Often, when I’m at one of these places, the game isn’t even to find something that looks good—it’s just to find a complete story, issues #1-whatever sequentially. If I recall, I was at Scrivener’s Books & Bookbinding in Buxton, which advertises “5 floors of books”, where the comics weren’t even in a box or on a shelf, let alone bagged… they were just stacked up haphazardly in a couple of piles on a table. I got a Sabretooth graphic novel by Larry Hama and at least two issues of The Craptacular B-Sides. I seem to vaguely remember buying the remaining issue off eBay.
I’m just a mark for crappy superheroes, is the thing. I love stories set in superhero universes where the characters don’t even have powers, or better yet, have powers that suck. I especially love if the powers are secretly absolutely cracked. The hit web serial Worm runs on this stuff. Invincible and James Gunn’s oeuvre also both have it in spades.
Very self-consciously set in New Jersey, The Craptacular B-Sides features three superheroes:
Jughandle (named for a type of turning endemic to the state), who can step outside spacetime to observe things as a sort of ghost. The most motivated of the trio, son of a local politician, Jughandle also has an encyclopaedic knowledge of superheroes.
Mize (named… I think for a slang pronunciation of “might as well”, “mize well”, but I’ve seen one source say it’s “presumably” short for “demise”, which would make sense?), who has a sort of bad-luck-aura that “accelerates the breakdown of systems”. Most literally, this causes things to break or fall apart, but he’s also implied to have caused a breakup between two of his classmates, so it’s kind of a metaphorical entropy. He can’t turn the power off, but he does seem to be able to direct it if he really wants to; at one point, he makes a sinkhole appear under a couple of guys.
Fateball, who has a Magic 8 Ball that actually works.
A backup strip in issue #1 reveals that they used to have another friend, Feeva, who has the power to “motivate and multitask”. Motivate, as in like, low-level mind control, I think? They fell out because Feeva used her power to, uhh, “motivate” the others into helping her complete a trial for entry into the Pegasus Institute.
In the present day, the trio are scouted by a non-powered huckster, Charley Huckle, who wants to put together his own superhero team. Huckle sets them up with their first villain, Doctor Dark, who turns out to be the huckster’s first failed attempt at creating a brand for a superhero, who’s since gone off the deep end. They have a run-in with the Fantastic Four, and I’m honestly baffled why none of the covers actually advertise that the Fantastic Four are in this comic, because maybe then they would’ve sold some copies and they would’ve made more than three issues.
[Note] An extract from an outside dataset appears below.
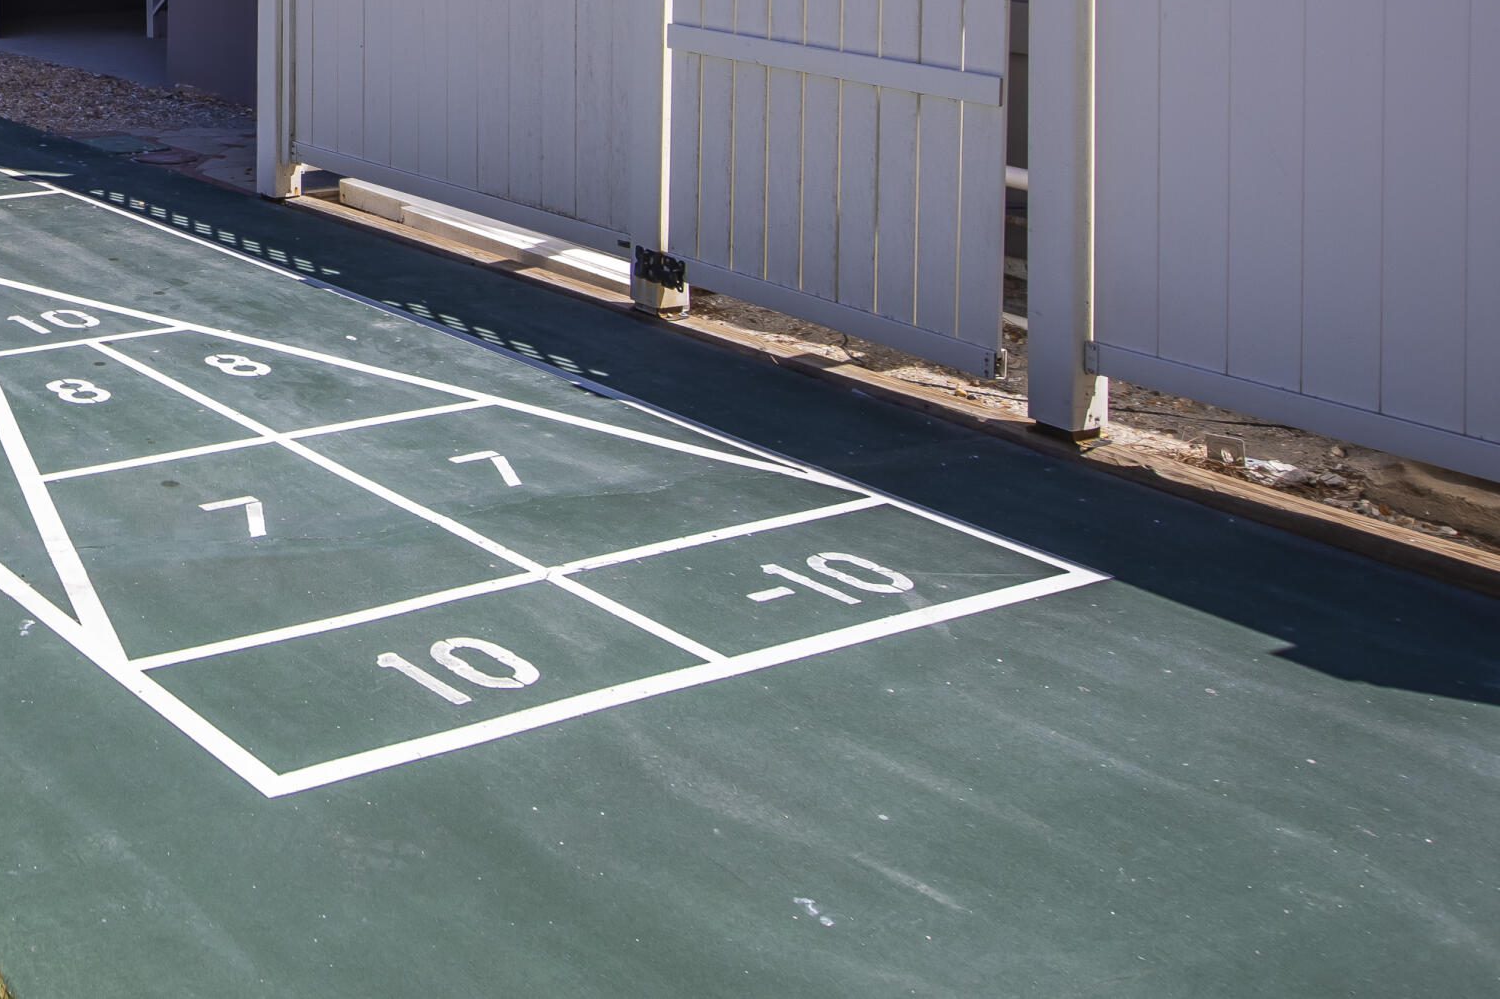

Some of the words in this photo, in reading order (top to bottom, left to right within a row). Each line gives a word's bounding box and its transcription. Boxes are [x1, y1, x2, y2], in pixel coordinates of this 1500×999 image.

I don’t think there’s anything special or noteworthy about The Craptacular B-Sides whatsoever, on any level. Even the title for the comic—in-universe, a self-effacing moniker—is, yeah, kind of crap! But there’s something to the way that the crap-ness is also embedded in the narrative of the characters themselves, left behind in this nowhere town, struggling to realise their potential.
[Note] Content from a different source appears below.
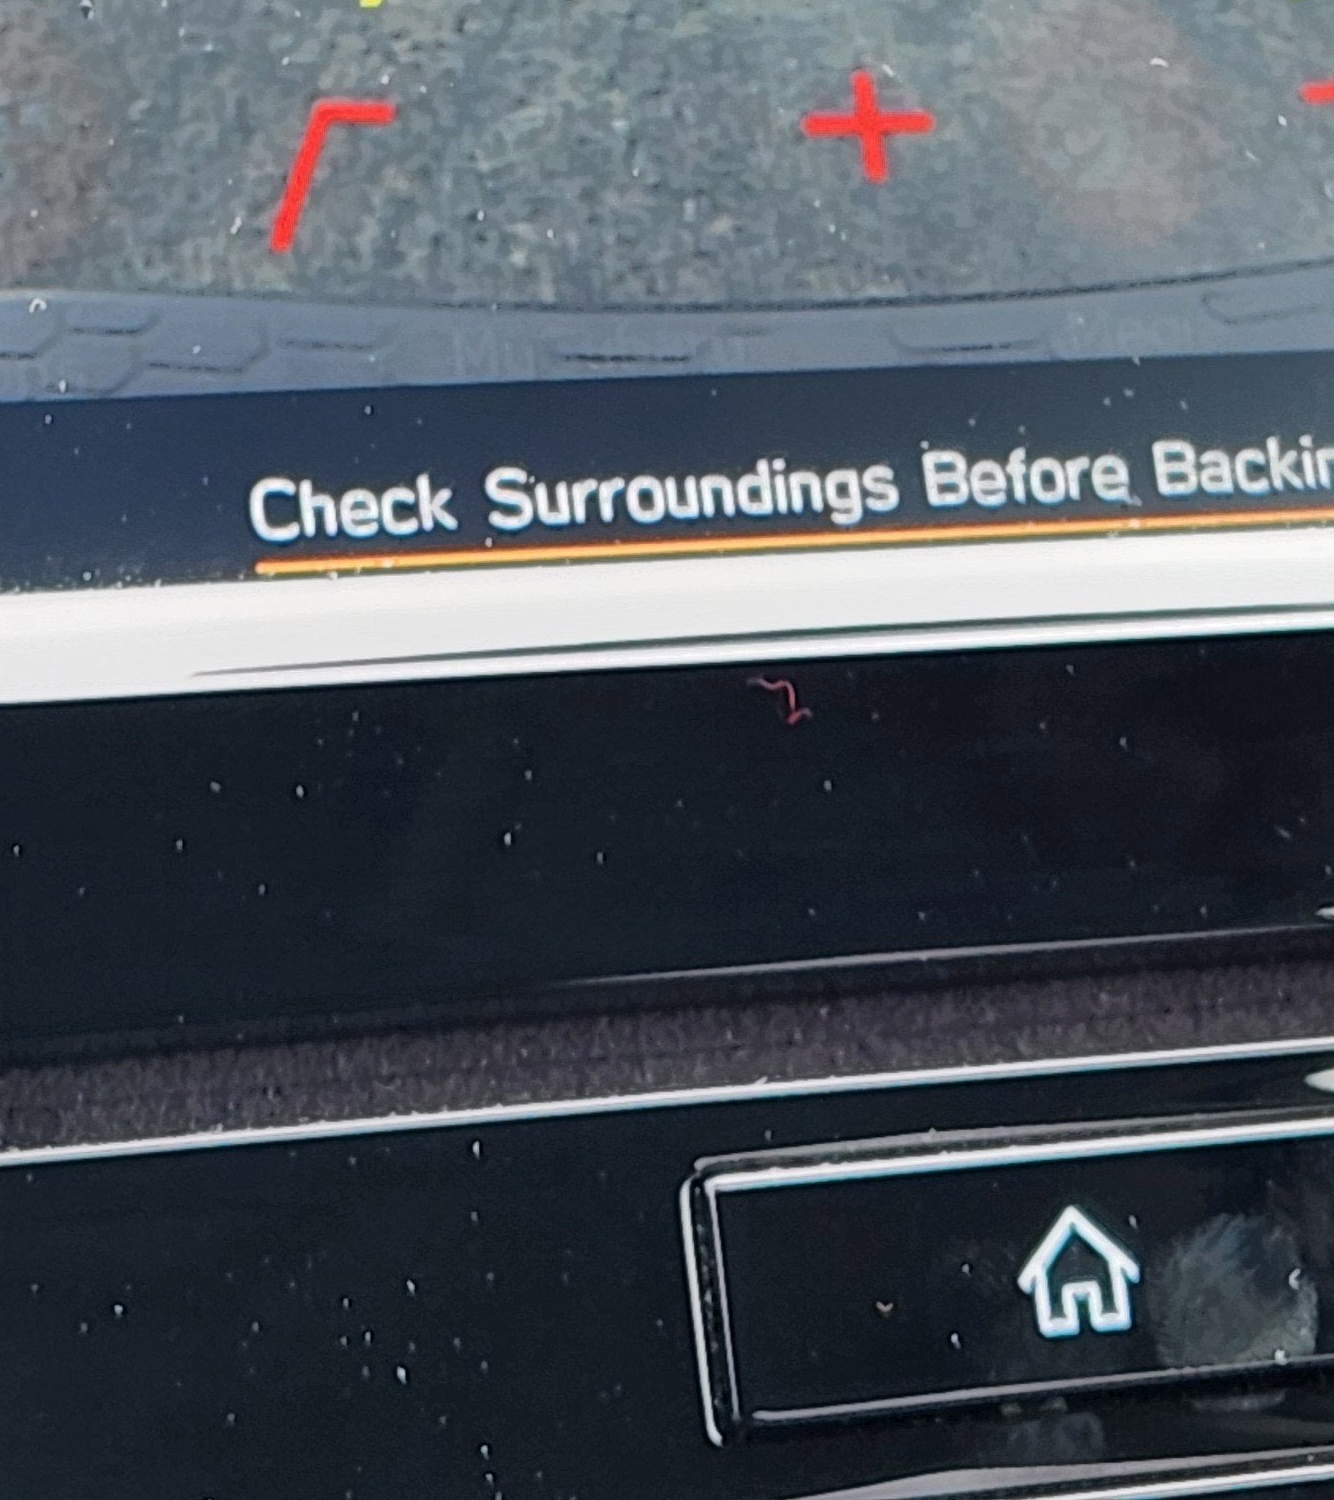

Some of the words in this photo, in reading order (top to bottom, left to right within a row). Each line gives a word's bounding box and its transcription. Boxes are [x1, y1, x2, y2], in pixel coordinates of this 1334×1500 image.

I’m not the first person to have identified the potential of The Craptacular B-Sides. Back in 2020, at the height of pandemic brainrot, in an article for esteemed comic news outlet CBR, which has tragically disappeared from their website, writer Kyle M opines that “What makes the B-Sides such an interesting story that could be perfect for the MCU are its characters.” Scintillating, Kyle. His sleep-deprived summary—which hits quota at exactly 600 words and certainly reads like he hasn’t spoken to another living human in approximately ten months—describes Mize’s power as being to “decay matter”, which is something I keep running into when looking up this series, and I really can’t help but feel like that’s sort of burying the lede.
Anyway, of the three of them, I think it’s Fateball who best embodies this sense of “wasted potential”, because she uses her Magic 8 Ball all of three times! At one point she sarcastically suggests using a phone book to brute-force the hiding place of the villain, and then her first guess turns out to be right anyway. We mostly see her use it as a lie detector. Which is kind of boring! There’s this… incuriosity to her, as a character. Nobody in the comic seems to care about the fact that Fateball may as well be omniscient.
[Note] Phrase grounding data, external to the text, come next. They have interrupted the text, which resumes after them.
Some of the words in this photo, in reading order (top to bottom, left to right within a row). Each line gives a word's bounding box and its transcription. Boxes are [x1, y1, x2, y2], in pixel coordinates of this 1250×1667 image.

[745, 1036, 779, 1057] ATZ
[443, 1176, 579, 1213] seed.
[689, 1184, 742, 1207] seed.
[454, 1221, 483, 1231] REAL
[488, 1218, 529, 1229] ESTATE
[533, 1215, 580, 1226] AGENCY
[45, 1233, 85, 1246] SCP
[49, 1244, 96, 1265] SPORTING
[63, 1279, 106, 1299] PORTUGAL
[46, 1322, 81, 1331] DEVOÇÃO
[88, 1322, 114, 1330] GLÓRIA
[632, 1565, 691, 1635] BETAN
(There’s actually a very similar thing towards the start of IDW Publishing’s Transformers comics, where Hot Rod is looking for something called the Magnificence, which is an orb with an eye in it that answers every question truthfully. They end up asking it one question.)
(Homestuck also has a similar riff on the Magic 8 Ball, in the form of a Magic Cue Ball, which always tells the truth—however, that ball is opaque, meaning that only popular character Vriska can glean its answers using her vision eight-fold.)
Okay, so here’s the pitch, I guess. It’s been years since the B-Sides made their debut, and the whole thing has fallen apart. Jughandle is convinced that Mize’s degenerative power was to blame. One thing about how Mize’s power works, narratively speaking, is that what looks like insane bad luck for his enemies is kind of good luck for him, right? So to me it feels right that Mize would “fail upwards”, and like Feeva, land some kind of prestigious opportunity with an established Marvel-universe faction. Maybe Tony Stark has got him stress-testing inventions in a lab. Maybe he’s a saboteur working for S.H.I.E.L.D. Maybe he’s had a couple of jobs like this, and they keep going south, but because it’s very difficult for regular people to actually wrap their head around what Mize’s power is—a kind of inevitable deterioration—he keeps getting hired.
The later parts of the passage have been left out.